Exercise goal
Exclude images, then output the remaining data verbatim.

Image-backed grounding data
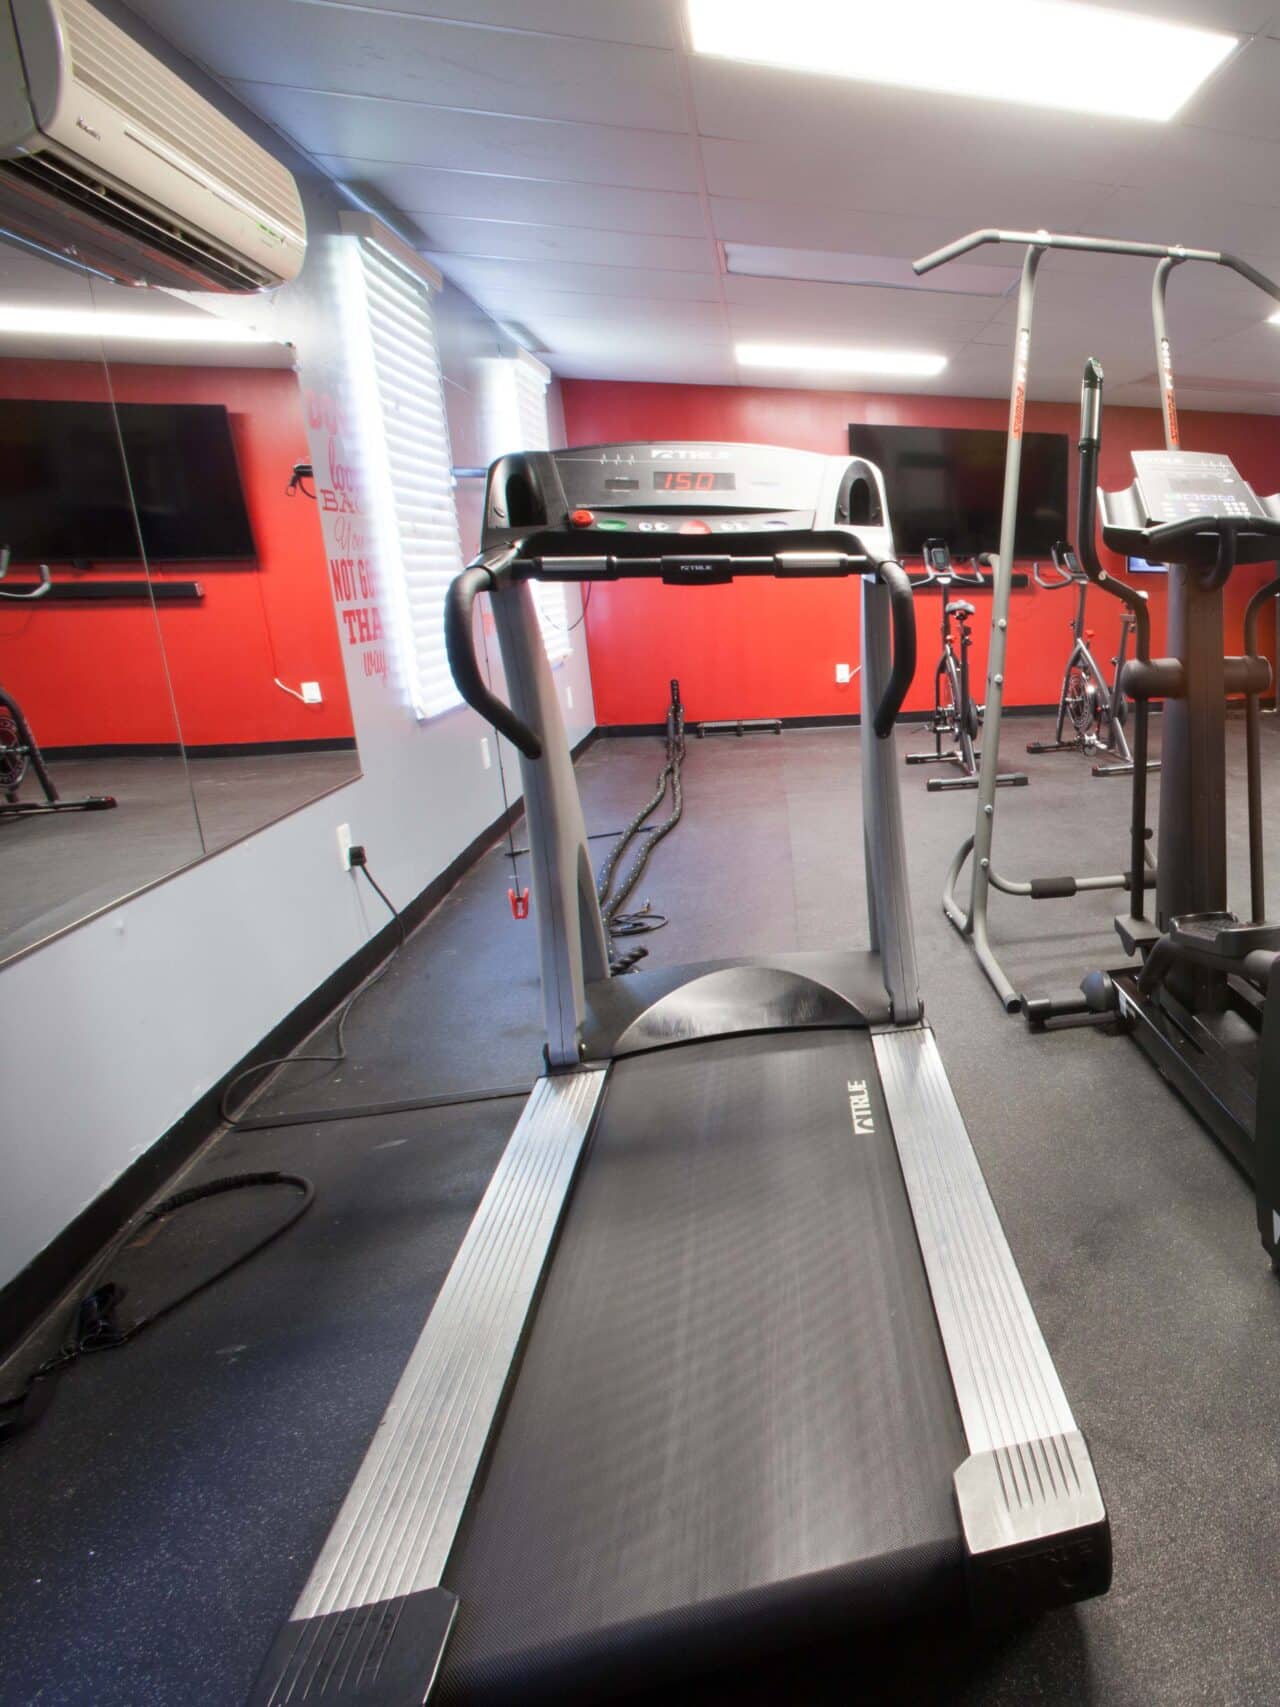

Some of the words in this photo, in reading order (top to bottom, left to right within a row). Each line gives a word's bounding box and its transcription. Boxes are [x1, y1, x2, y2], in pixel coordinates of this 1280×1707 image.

[663, 472, 715, 491] 150
[330, 559, 357, 602] NOT
[342, 607, 385, 645] THA
[847, 1079, 872, 1120] TRUE
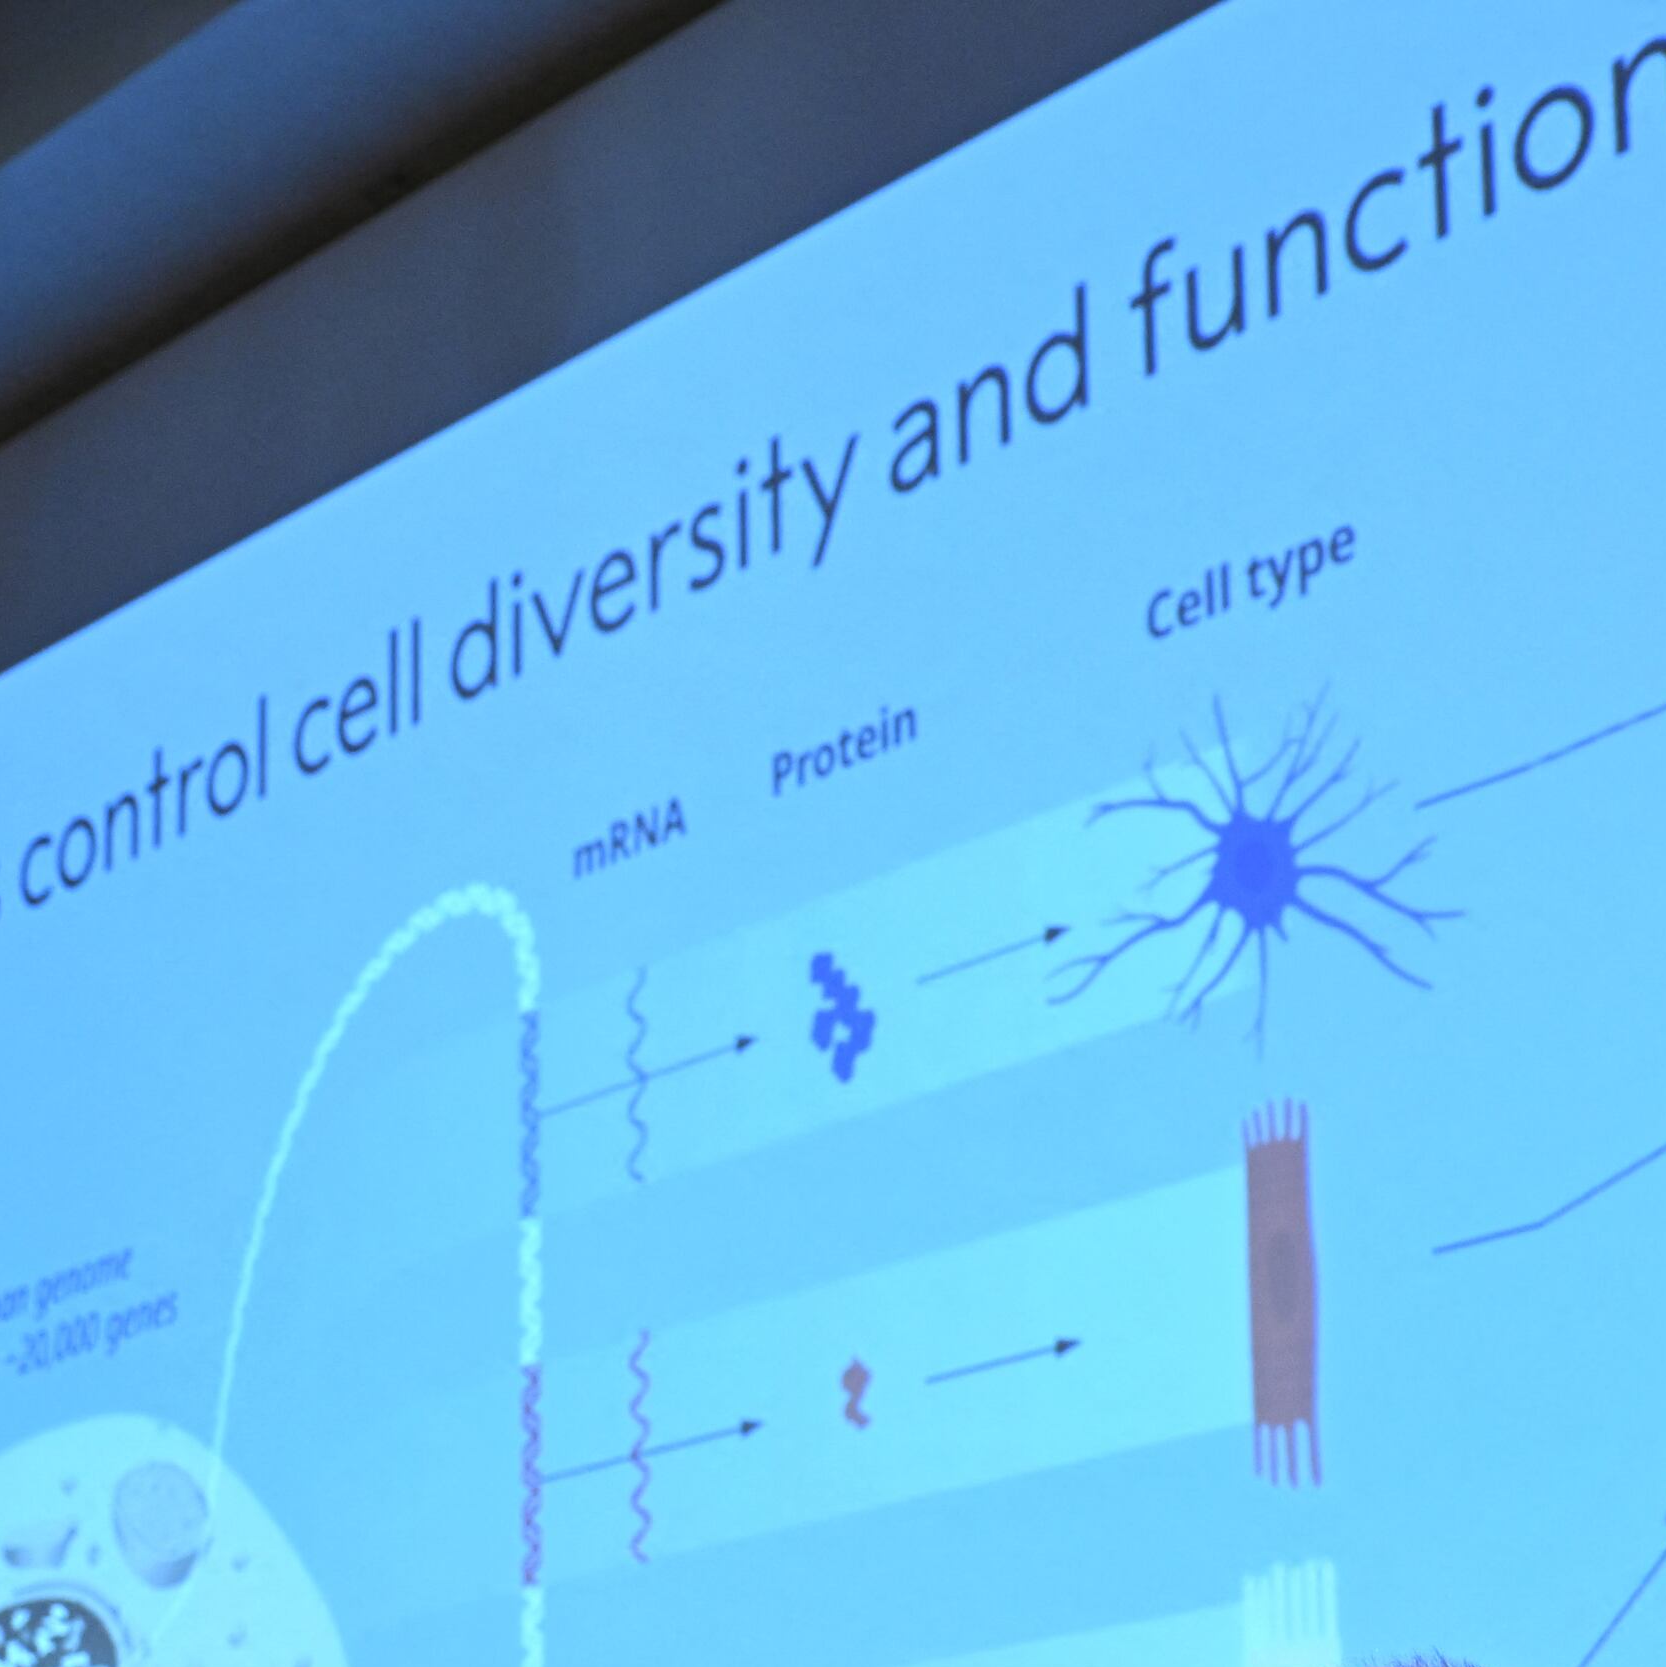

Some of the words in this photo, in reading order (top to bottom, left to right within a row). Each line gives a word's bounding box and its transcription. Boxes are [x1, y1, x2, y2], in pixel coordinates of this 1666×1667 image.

[15, 691, 272, 911] control
[287, 614, 424, 780] cell
[445, 430, 863, 706] diversity
[884, 279, 1094, 497] and
[1144, 561, 1233, 641] Cell
[1243, 522, 1358, 612] type
[769, 704, 919, 799] Protein
[571, 795, 690, 880] mRNA

Exercise result
Some of the words in this photo, in reading order (top to bottom, left to right within a row). Each line gives a word's bounding box and its transcription. Boxes are [x1, y1, x2, y2], in pixel coordinates of this 1280×1707 image.

[663, 472, 715, 491] 150
[330, 559, 357, 602] NOT
[342, 607, 385, 645] THA
[847, 1079, 872, 1120] TRUE

Some of the words in this photo, in reading order (top to bottom, left to right within a row). Each line gives a word's bounding box and its transcription. Boxes are [x1, y1, x2, y2], in pixel coordinates of this 1666×1667 image.

[15, 691, 272, 911] control
[287, 614, 424, 780] cell
[445, 430, 863, 706] diversity
[884, 279, 1094, 497] and
[1144, 561, 1233, 641] Cell
[1243, 522, 1358, 612] type
[769, 704, 919, 799] Protein
[571, 795, 690, 880] mRNA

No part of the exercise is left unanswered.